Higher levels of environmental pollution correlate with higher incidences of a range of mental disorders, a new study has identified.

The researchers looked at populations in both the US and Denmark. In the US study, the levels of environmental pollution were determined from air, water and land quality measurements, in addition to population density and traffic. The incidences of various mental illnesses were determined within each US county.

Counties with the worst land quality showed a 19.2% increase in diagnosis rate of personality disorder. The worst air quality gave a 27% increase in the incidence of bipolar disorder and a 6% increase in the incidence of depression.

For Denmark, the study identified participant’s levels of air pollution exposure during their childhood. The incidence of schizophrenia was 148% higher for individuals that experienced the highest levels of air pollution, compared to individuals that experienced the lowest. The incidence of bipolar disorder, personality disorder and depression also increased with increasing childhood exposure to air pollution.

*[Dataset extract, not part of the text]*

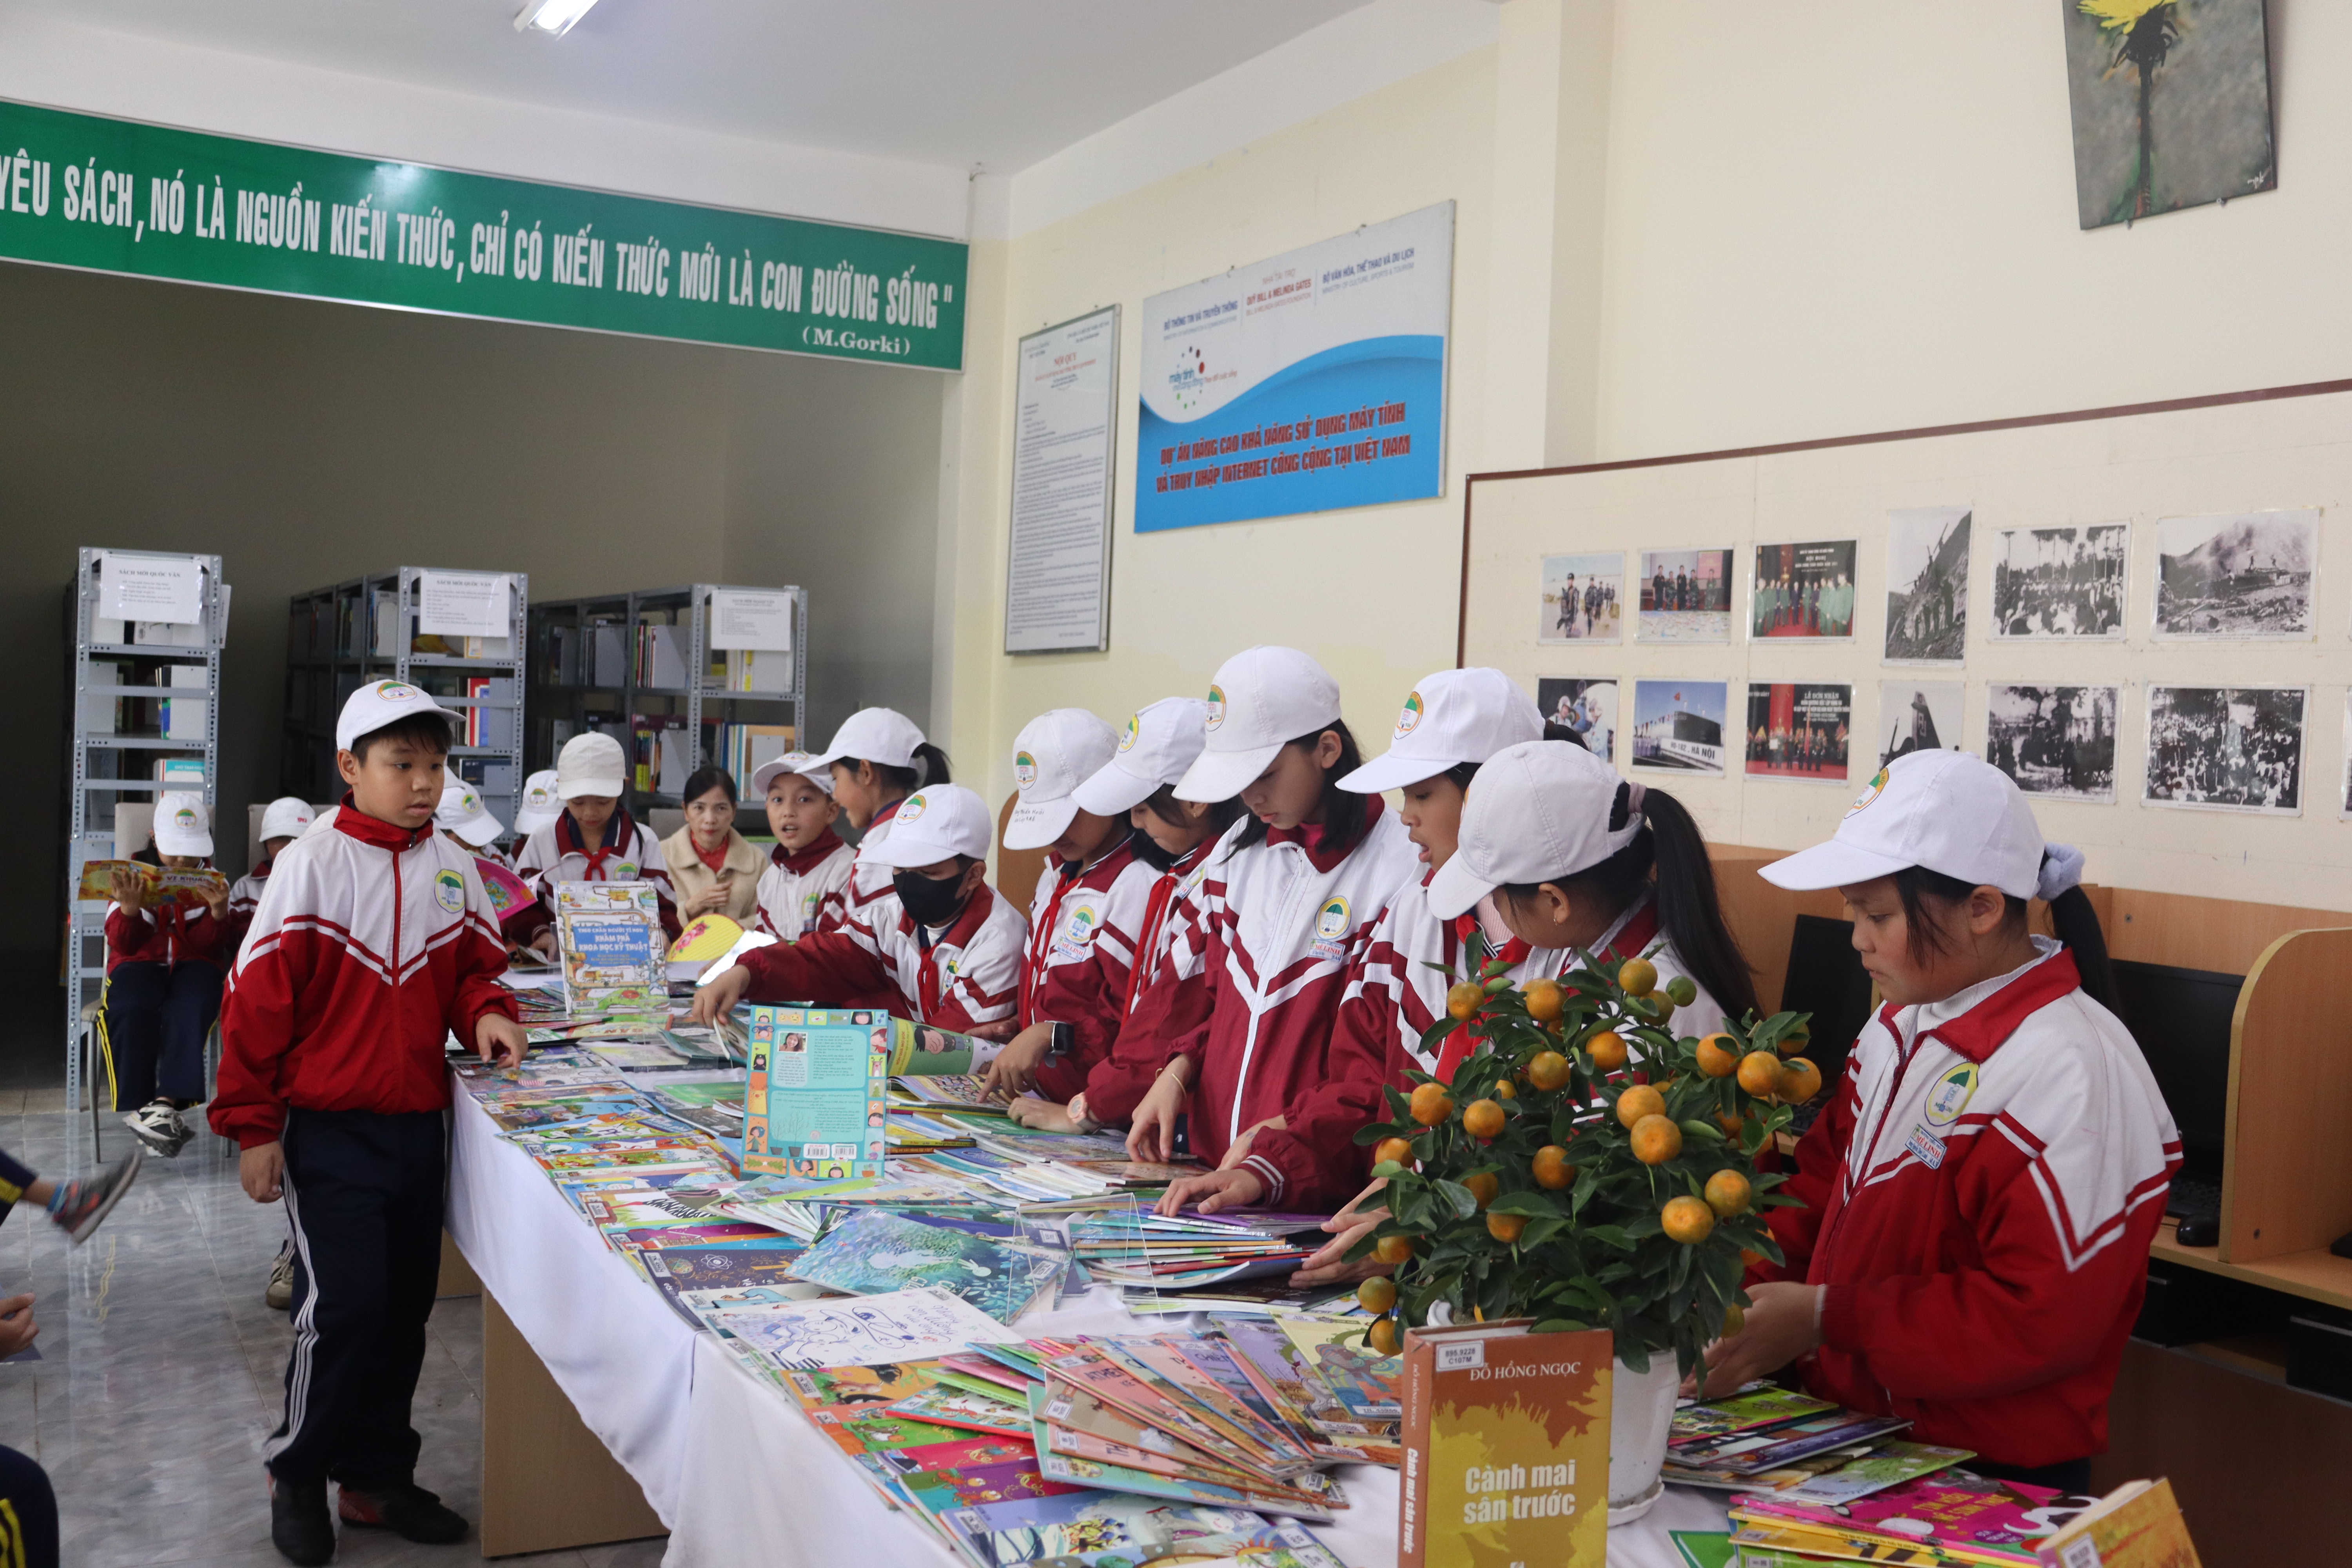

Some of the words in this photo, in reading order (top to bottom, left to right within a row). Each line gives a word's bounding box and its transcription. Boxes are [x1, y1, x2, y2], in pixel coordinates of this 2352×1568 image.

It has previously been identified that both genetic and social factors, in addition to environmental factors, can also predispose people to mental illness. The researchers hypothesize that air pollutants could impair cognitive function, possibly through acting on the neuroinflammatory pathways that have been shown to contribute to depression in animal studies.

More research is needed to determine how environmental, social and genetic factors interplay to understand the causes of mental illnesses and develop effective treatments.